New Horizons became the next spacecraft to image Achelous when it flew by the Jovian system in February 2007 to obtain a gravity assist on its way to Pluto. During the flyby, the spacecraft passed approximately 3500000 km from Ganymede, limiting the resolution of Achelous in the images it returned.

A true color image of Ganymede, taken by the Juno space probe in June 2021, showing Achelous crater in the upper regions of Ganymede, slightly to the right.

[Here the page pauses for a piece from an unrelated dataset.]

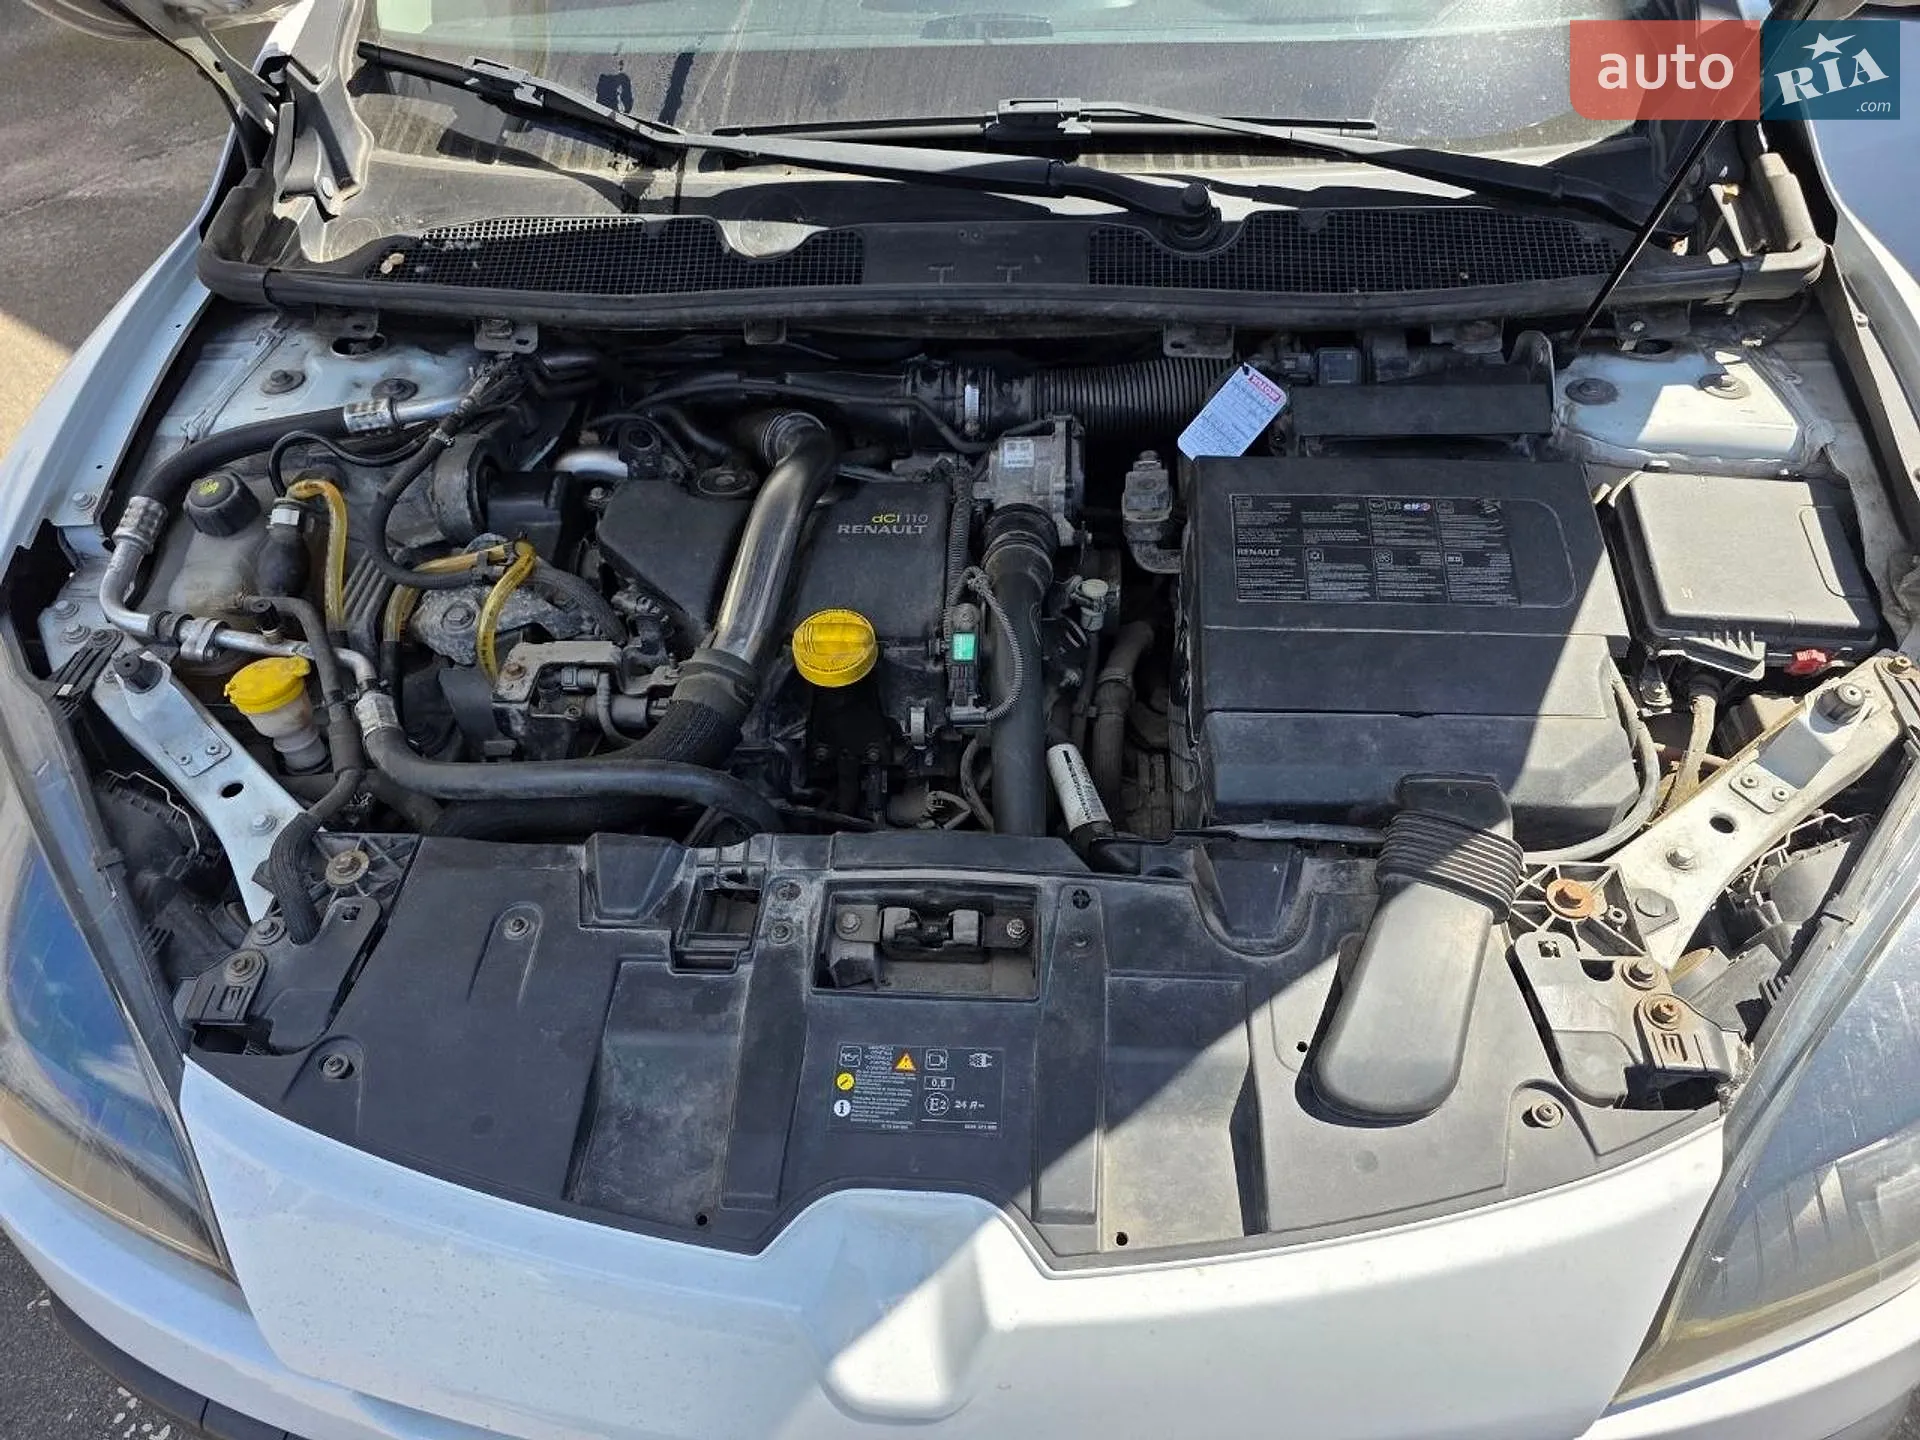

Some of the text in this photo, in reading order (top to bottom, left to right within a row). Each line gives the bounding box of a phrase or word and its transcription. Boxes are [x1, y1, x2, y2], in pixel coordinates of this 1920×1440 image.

[905, 513, 929, 524] 110
[837, 524, 928, 535] RENAULT
[1236, 548, 1281, 557] RENAULT

The most recent spacecraft to image Achelous was Juno, which performed a close flyby of Ganymede in June 2021 to reduce its orbital period around Jupiter. Achelous is prominently visible in Juno's images as a well-defined impact crater.

=== Future mission ===
The European Space Agency's (ESA) spacecraft called Jupiter Icy Moons Explorer (Juice) was launched in April 2023 and is now on its way to Jupiter and its icy moons. The spacecraft is expected to arrive at Jupiter in July 2031. After spending three and a half years conducting multiple flybys of Europa, Callisto, and Ganymede, Juice is expected to enter orbit around Ganymede in 2034 at an altitude of approximately 500 km. From this close distance, Juice is expected to obtain extremely high-resolution images of Ganymede, allowing scientists to study the morphology and formation of its numerous bright-ray craters, including Achelous, in far greater detail.